I recently received an email from a high school student who was writing a paper on Judaism for a class in Comparative Religion. She was Catholic, and thought the best way to complete her assignment was collect a variety of responses to the question “What is Judaism?” from different rabbis. I made her list.
I get over one hundred emails daily. While most of these are from marketers following a computer cookie trail, many require thoughtful responses. More often than not, however, I tend to answer my email on automatic writing. Until I reread it before hitting “Send” I often don’t know just what it is that I have written. Someday I hope to discover that I have in this way channeled a new revelation from God. In the meantime I will content myself to be surprised now and again by my own words. Responding to this young woman was one of those times. This is the opening paragraph to my email:
Asking me “What is Judaism?” is like asking a fish “What is water?” Like water to the fish, Judaism is the transparent ether through which I move. It is the text and context of my life. It is that environment without which I cannot breathe.
I was stunned. Is that true? Without Judaism would I be a fish out of water? Something deep inside of me denied this. Something even deeper affirmed it. Judaism is the field in which I play. It is my chosen game. So what is this game?

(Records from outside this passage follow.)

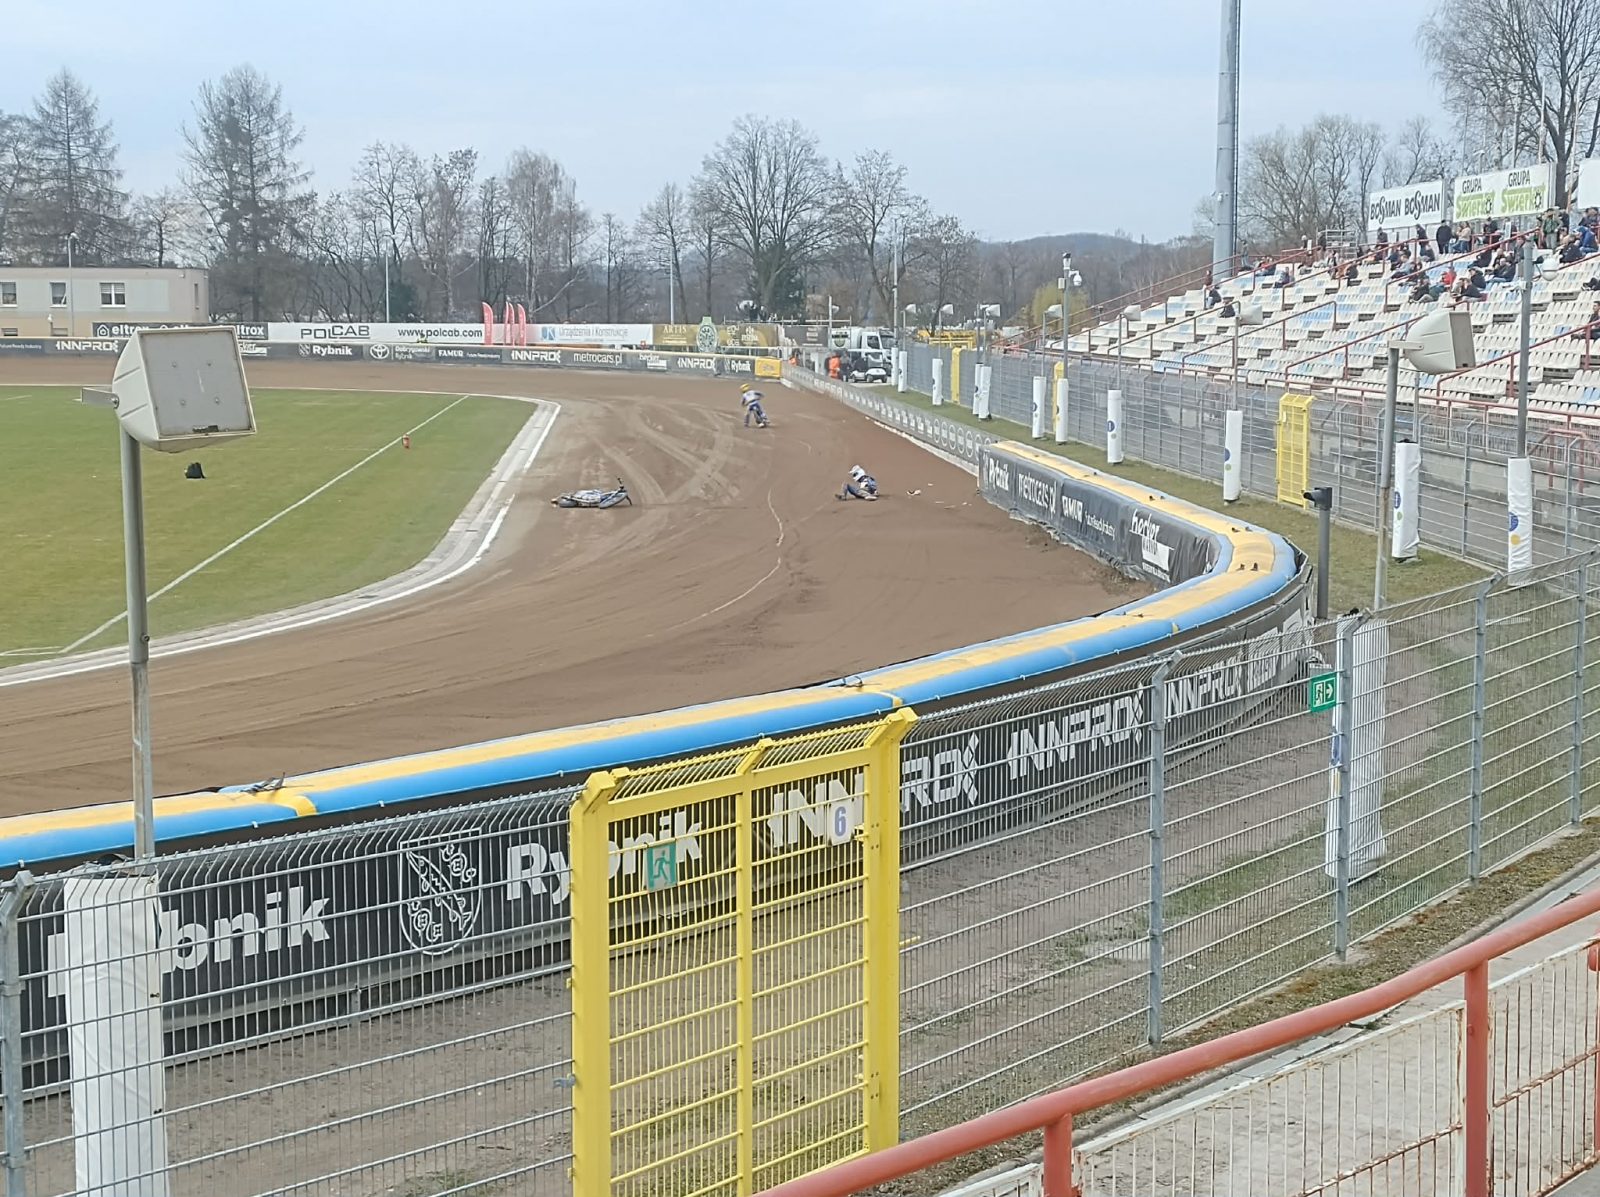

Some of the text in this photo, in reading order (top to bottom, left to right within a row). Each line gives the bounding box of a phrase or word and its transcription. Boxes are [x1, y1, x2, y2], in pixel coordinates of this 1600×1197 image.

[1506, 169, 1531, 187] GRUPA
[1462, 178, 1482, 194] GRUPA
[236, 324, 264, 336] ltrox
[300, 325, 370, 339] POLCAB
[397, 327, 483, 338] www.polcab.com
[663, 325, 687, 334] ARTIS
[312, 345, 352, 357] Rybnik
[438, 349, 464, 357] FAMUR
[573, 352, 623, 366] metrocars.pl
[834, 805, 848, 838] 6
[506, 811, 703, 906] Rynk

Here is a tentative definition: Judaism is the ancient and on-going drash (interpretation) of the Jews on sacred text. In a sense this definition is circular. What makes a text sacred is that we bother to do drash on it. So one could ask which comes first the text or the drash? My sense is that they arise together. As soon as we create a text for ourselves we create variations on it. Judaism is jazz.
As in jazz there is a thematic constant from which one innovates. In Jewish Jazz one might say that this constant is Torah, but I suspect that is not exactly right. Torah is a drash on lived experience. Torah arose out of the Jewish people’s encounters with God, however they understood God at the time. Torah arose out of revelation, and since revelation cannot be fixed, for God is by definition unconditional and therefore unfixed, the constant is not Torah but God encounter.
Given the fact that there is no single definition for God in Jewish text we can say we have a contentless constant. But this, too, is not exactly true. While we cannot and need not define God we can say that a careful reading of Judaism would reveal that whatever God may be, our experience of God always reveals to us some level of nonduality. God breaks down barriers. Our historical experience of God as God has always been to engage us in the quest for unity through diversity.
Thus we can define Judaism as the ancient and on-going drash of the Jewish people on unity. We read ancient text, write new texts, and do midrash on both all in a never ending attempt to understand and apply unity in our time.
Judaism, then, is not a noun but a verb; not a product but a process. Product Judaism posits a fixed set of behaviors and says “This is Judaism.” Process Judaism, Judaism as jazz, says the thematic constant is unity and however the Jews play out that theme is Judaism. With this understanding we can detect a variety of jazz improvisations: biblical, prophetic, priestly, Pharisaic, Essene, Pauline, Kabbalistic, Hasidic, Marxist, Freudian, Einsteinian, and Friedanian, to name just a few. Whenever Jews push for unity we see Jewish jazz at play.